In recent years, depth sensors have become more and more affordable and have found their way into a growing amount of robotic systems. However, mono- or multi-modal sensor registration, often a necessary step for further pro-cessing, faces many challenges on raw depth images or point clouds. This paper presents a method of converting depth data into images capable of visualizing spatial details that are basically hidden in traditional depth images. After noise removal, a neighborhood of points forms two normal vectors whose difference is encoded into this new conversion. Compared to Bearing Angle images, our method yields brighter, higher-contrast images with more visible contours and more details. We tested feature-based pose estimation of both conversions in a visual odometry task and RGB-D SLAM. For all tested features, AKAZE, ORB, SIFT, and SURF, our new Flexion images yield better results than Bearing Angle images and show great potential to bridge the gap between depth data and classical computer vision. Source code is available here: https://rlsch.github.io/depth-flexion-conversion.

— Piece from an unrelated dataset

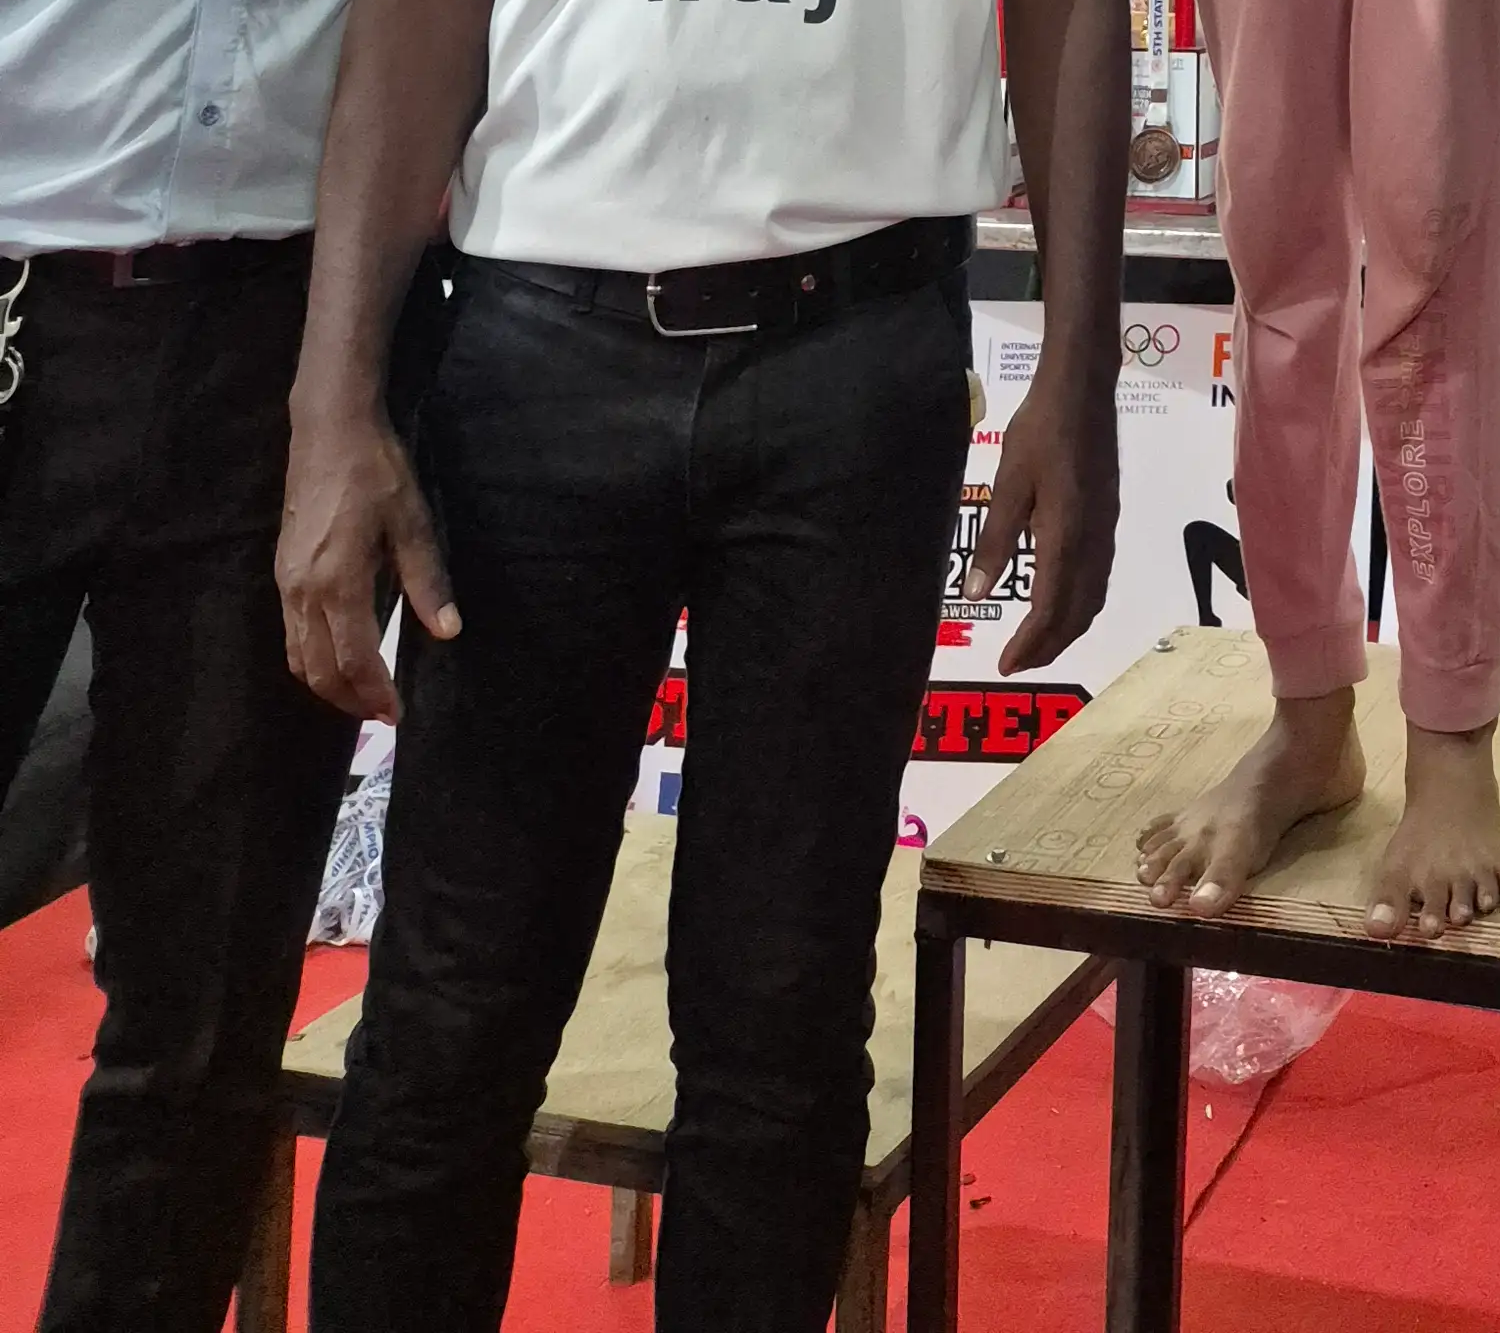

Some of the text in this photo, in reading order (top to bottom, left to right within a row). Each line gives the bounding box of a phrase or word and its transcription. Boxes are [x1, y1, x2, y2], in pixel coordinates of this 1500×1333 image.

Design of an Autonomous Robot for Mapping, Navigation, and Manipulation in Underground Mines
Robert Lösch, Steve Grehl, Marc Donner, and 2 more authors
In 2018 IEEE/RSJ International Conference on Intelligent Robots and Systems (IROS), Oct 2018
Underground mines are a dangerous working environment and, therefore, robots could help putting less humans at risk. Traditional robots, sensors, and software often do not work reliably underground due to the harsh environment. This paper analyzes requirements and presents a robot design capable of navigating autonomously underground and manipulating objects with a robotic arm. The robot’s base is a robust four wheeled platform powered by electric motors and able to withstand the harsh environment. It is equipped with color and depth cameras, lighting, laser scanners, an inertial measurement unit, and a robotic arm. We conducted two experiments testing mapping and autonomous navigation. Mapping a 75 meters long route including a loop closure results in a map that qualitatively matches the original map to a good extent. Testing autonomous driving on a previously created map of a second, straight, 150 meters long route was also successful. However, without loop closure, rotation errors cause apparent deviations in the created map. These first experiments showed the robot’s operability underground.